November 8, 2022

Food insecurity: The missing piece in cancer treatment

To improve treatment outcomes, cancer care centres need to start screening children for food insecurity early on and link families to social welfare programmes.

5 min read

“I work at a tiffin centre so that I can bring home leftovers to feed the kids.”

“We sold our livestock to buy foodgrains.”

“We eat just once a day and give our share of food to our two children.”

donate-now-banner

At Cuddles Foundation, we constantly hear variations of this theme from the families and caregivers of children fighting cancer. Nutrition plays an important supportive role in cancer treatment, and therefore it is important to understand the extent and impact of food insecurity in childhood cancer patients.

What is food insecurity and how does it affect health outcomes?

Johns Hopkins University classifies food insecurity as a state when one cannot consistently afford healthy or adequate food. The Food and Agriculture Organization (FAO) estimated that in 2021 approximately 2.3 billion people—which is 29.3 percent of the world’s population—suffered from food insecurity. Closer to home, the 2022 Global Hunger Index Report ranked India 107 out of 121 countries, and noted its high burden of poverty, food insecurity, and malnutrition.

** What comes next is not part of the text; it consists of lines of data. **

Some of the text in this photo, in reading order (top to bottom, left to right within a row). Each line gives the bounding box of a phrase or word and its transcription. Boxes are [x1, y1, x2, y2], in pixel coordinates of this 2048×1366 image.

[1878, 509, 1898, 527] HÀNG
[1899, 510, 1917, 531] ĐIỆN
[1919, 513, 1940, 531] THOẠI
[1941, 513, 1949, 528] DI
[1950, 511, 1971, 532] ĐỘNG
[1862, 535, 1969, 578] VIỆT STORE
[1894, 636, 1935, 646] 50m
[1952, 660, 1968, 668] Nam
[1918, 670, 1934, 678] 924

As of 2022, India accounts for nearly a quarter of all undernourished people worldwide. With malnutrition in India being well above acceptable levels and large numbers of women and children suffering from micronutrient deficiency disorders, there is a high risk that public health will be affected directly and indirectly.

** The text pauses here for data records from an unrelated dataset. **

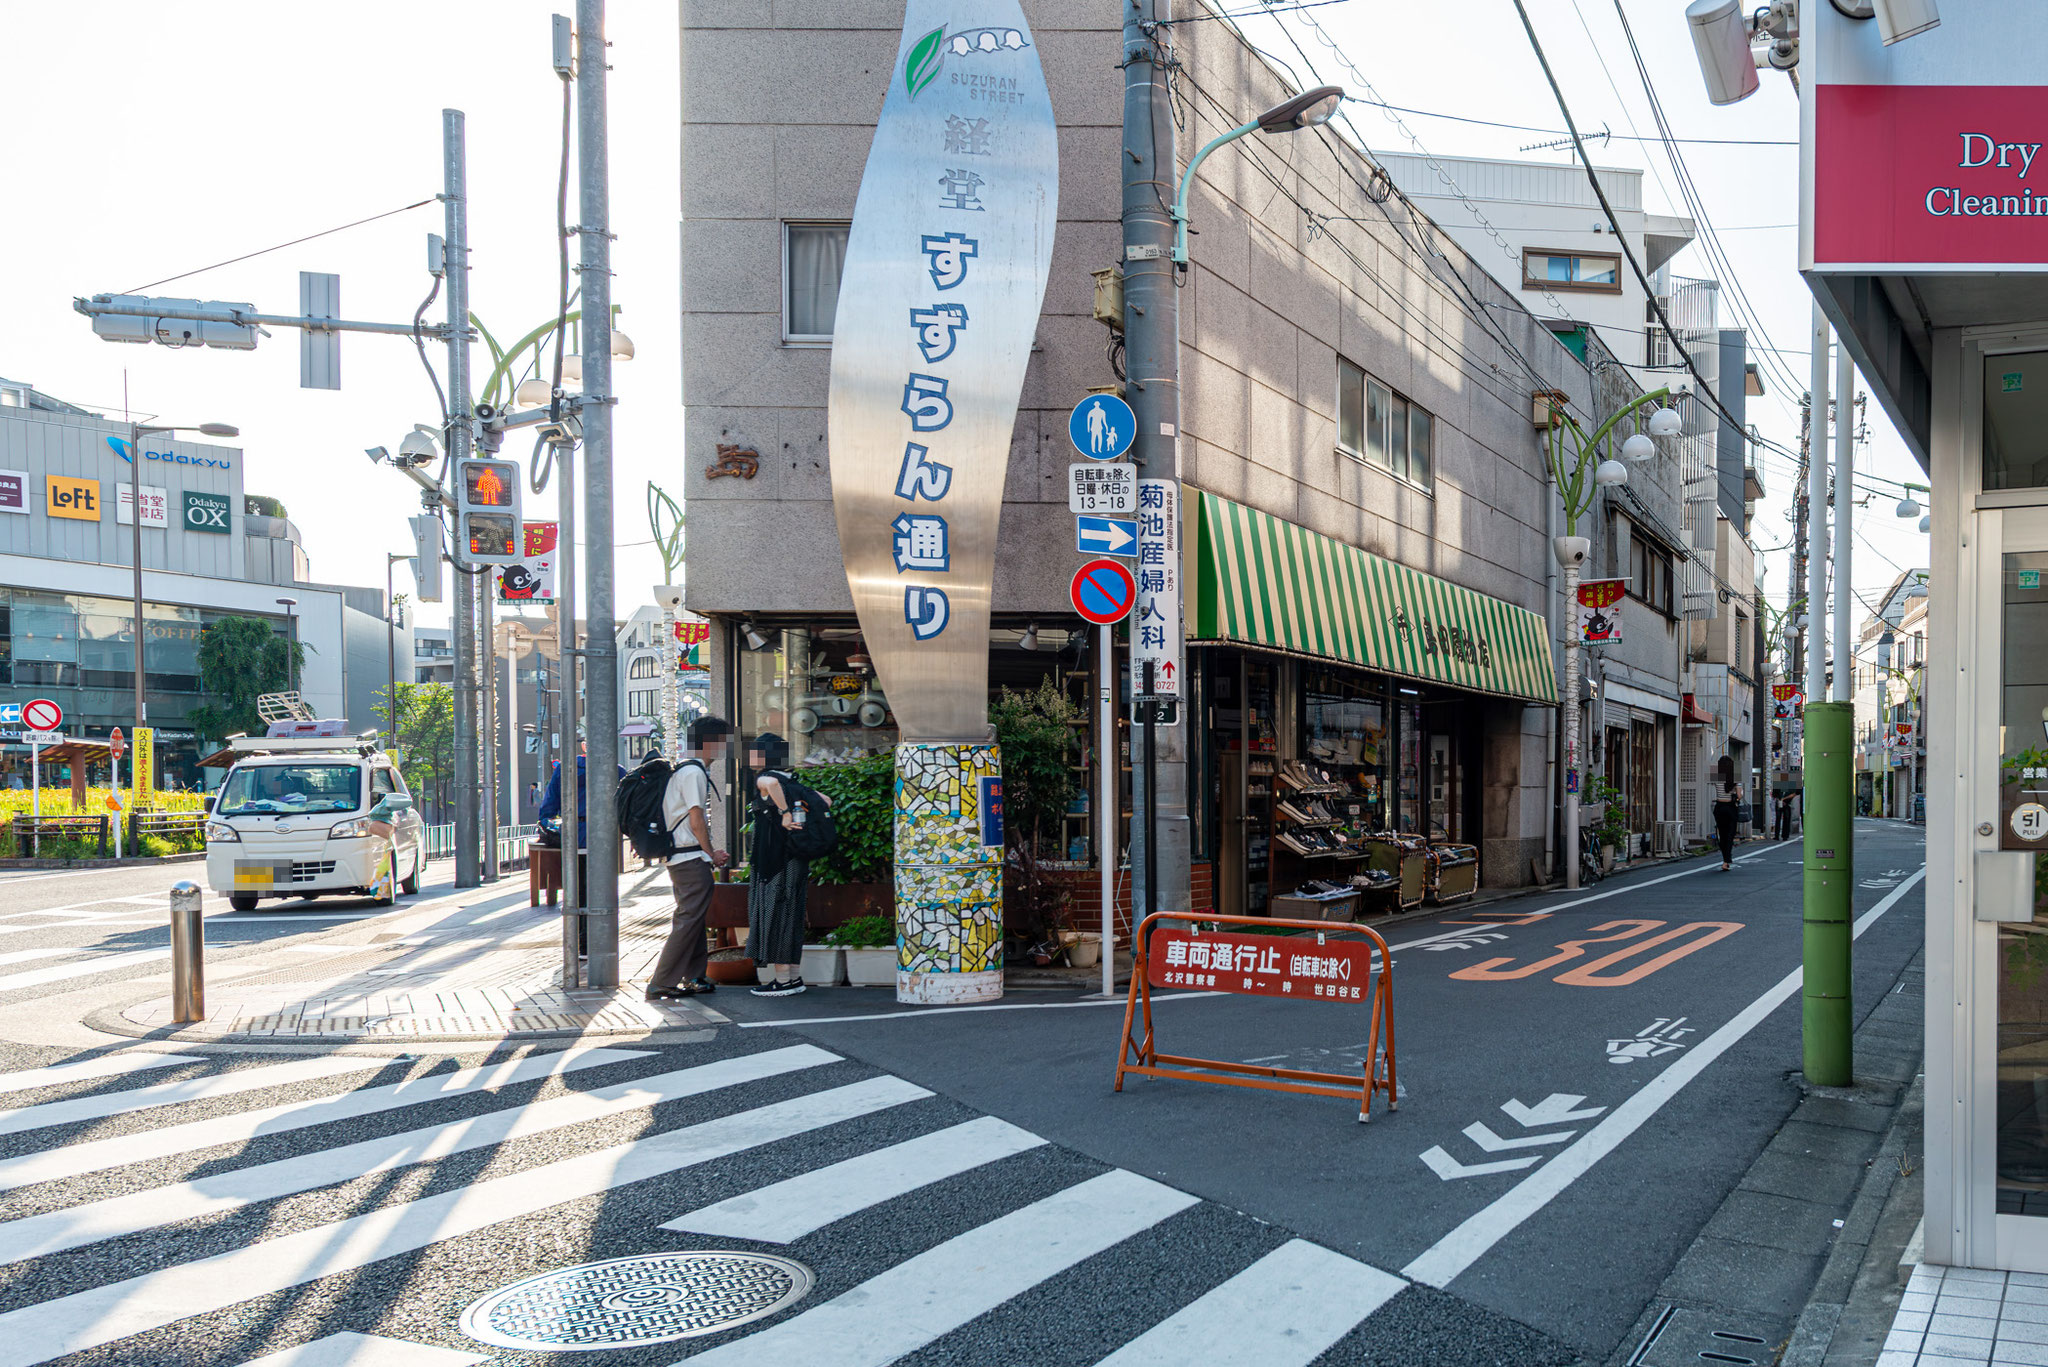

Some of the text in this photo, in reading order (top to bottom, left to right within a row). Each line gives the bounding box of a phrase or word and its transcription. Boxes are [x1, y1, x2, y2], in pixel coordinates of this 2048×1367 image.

[951, 73, 1017, 90] SUZURAN
[970, 88, 1025, 105] STREET
[1958, 132, 2042, 178] Dry
[891, 113, 991, 641] 経堂 すずらん通り
[145, 450, 230, 469] odakyu
[1075, 468, 1130, 481] 自転車を除く
[1077, 483, 1129, 495] 日曜・休日の
[189, 496, 226, 512] Odakyu
[187, 507, 227, 528] OX
[1140, 484, 1166, 650] 菊池産婦人科
[837, 698, 845, 712] 1
[2023, 767, 2048, 778] 営業
[1165, 939, 1351, 981] 車両通行止 (自転車は除く)
[1164, 971, 1216, 986] 北沢警察署
[1314, 983, 1361, 999] 世田谷区

In food-insecure households, the need for other basic human necessities such as housing, medication, transportation, and utilities often competes with the need for food. Spending on nutritious and quality foods such as pulses, fruits, and fresh vegetables is difficult when budgets are stretched, and households opt for cheaper, less nutritious alternatives. This often compromises both the quality and the quantity of the food being consumed, leading to an increased risk of malnutrition. In these situations, malnutrition becomes a serious problem that can significantly contribute to morbidity and mortality, specifically among children under five.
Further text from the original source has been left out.